Referring expression grounding data
Segment Open

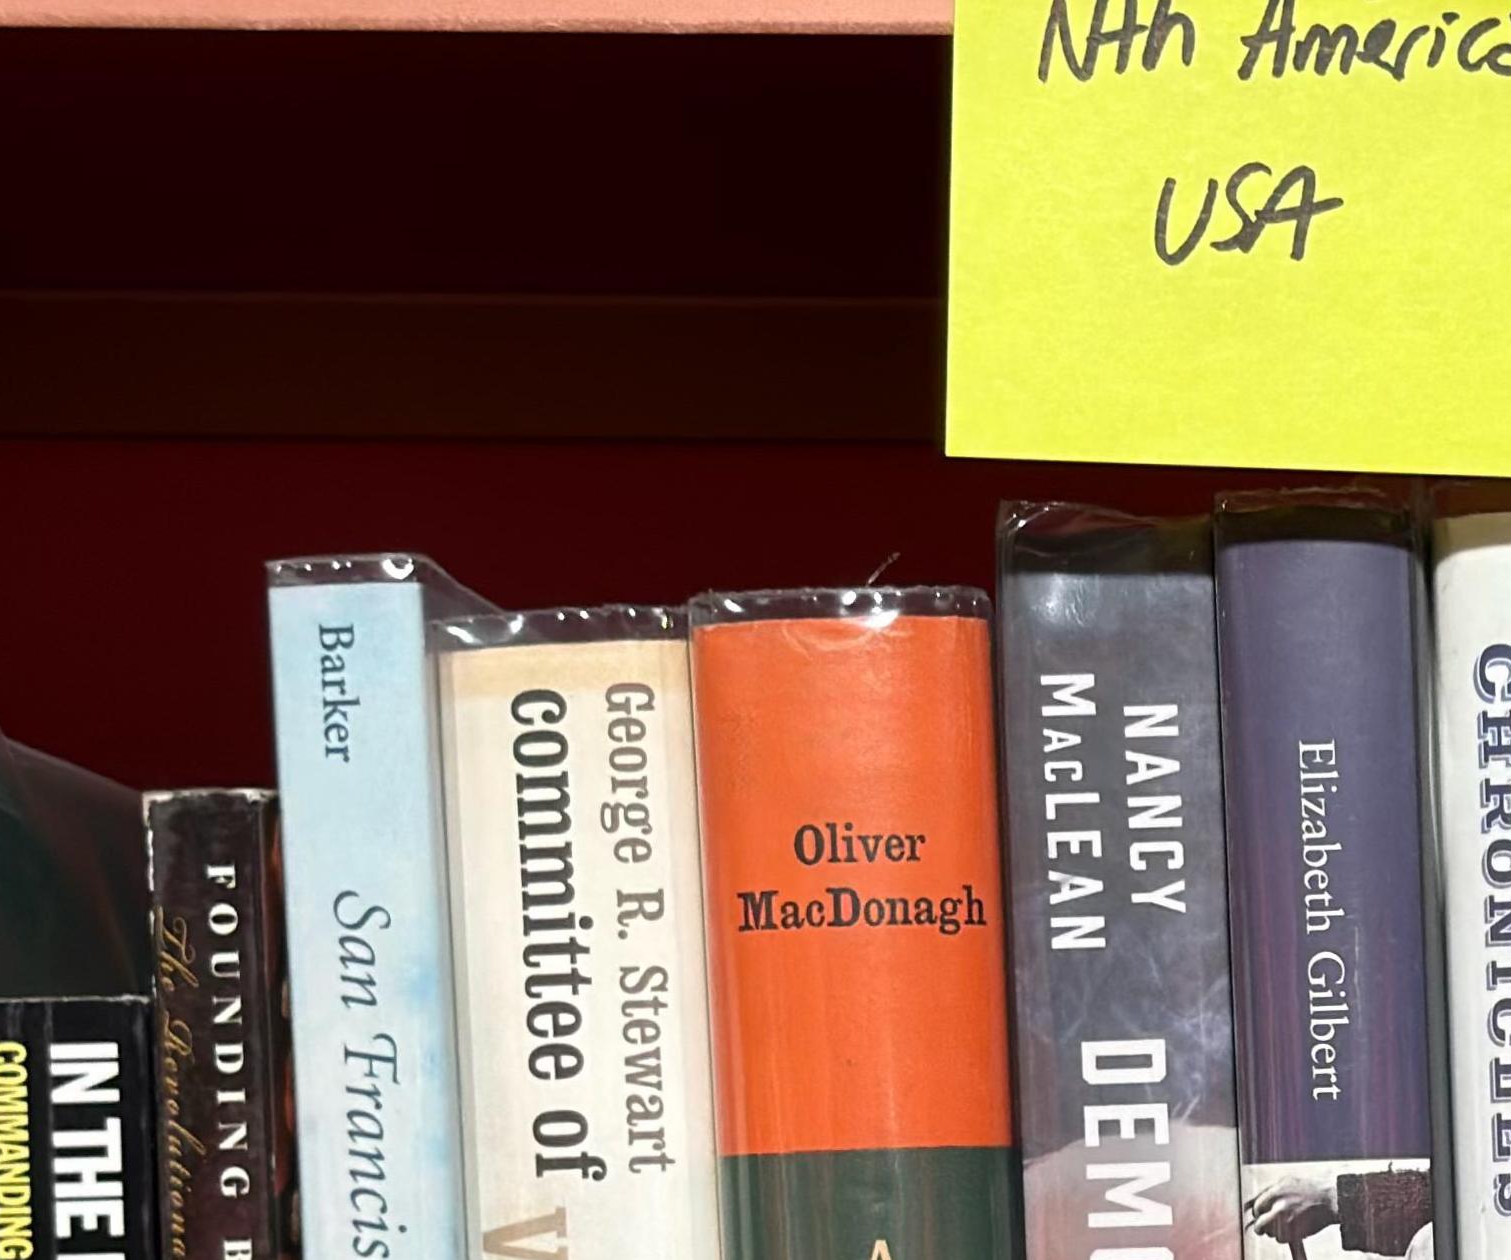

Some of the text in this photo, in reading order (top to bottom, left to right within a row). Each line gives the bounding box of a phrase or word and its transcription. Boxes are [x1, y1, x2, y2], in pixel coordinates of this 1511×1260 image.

[1154, 161, 1344, 266] USA
[318, 623, 362, 764] Barker
[793, 820, 927, 866] Oliver
[1122, 703, 1188, 914] NANCY
[332, 888, 392, 1010] San
[510, 687, 608, 1183] committee of
[599, 681, 677, 1175] George R. Stewart
[736, 884, 988, 936] MacDonagh
[1298, 737, 1352, 1102] Elizabeth Gilbert
[48, 1041, 121, 1105] IN
[205, 864, 251, 1199] FOUNDING
[51, 1117, 125, 1239] THE

Segment Closed

Your answer must be every record above, word for word, with no pictures.

Some of the text in this photo, in reading order (top to bottom, left to right within a row). Each line gives the bounding box of a phrase or word and its transcription. Boxes are [x1, y1, x2, y2], in pixel coordinates of this 1511×1260 image.

[1154, 161, 1344, 266] USA
[318, 623, 362, 764] Barker
[793, 820, 927, 866] Oliver
[1122, 703, 1188, 914] NANCY
[332, 888, 392, 1010] San
[510, 687, 608, 1183] committee of
[599, 681, 677, 1175] George R. Stewart
[736, 884, 988, 936] MacDonagh
[1298, 737, 1352, 1102] Elizabeth Gilbert
[48, 1041, 121, 1105] IN
[205, 864, 251, 1199] FOUNDING
[51, 1117, 125, 1239] THE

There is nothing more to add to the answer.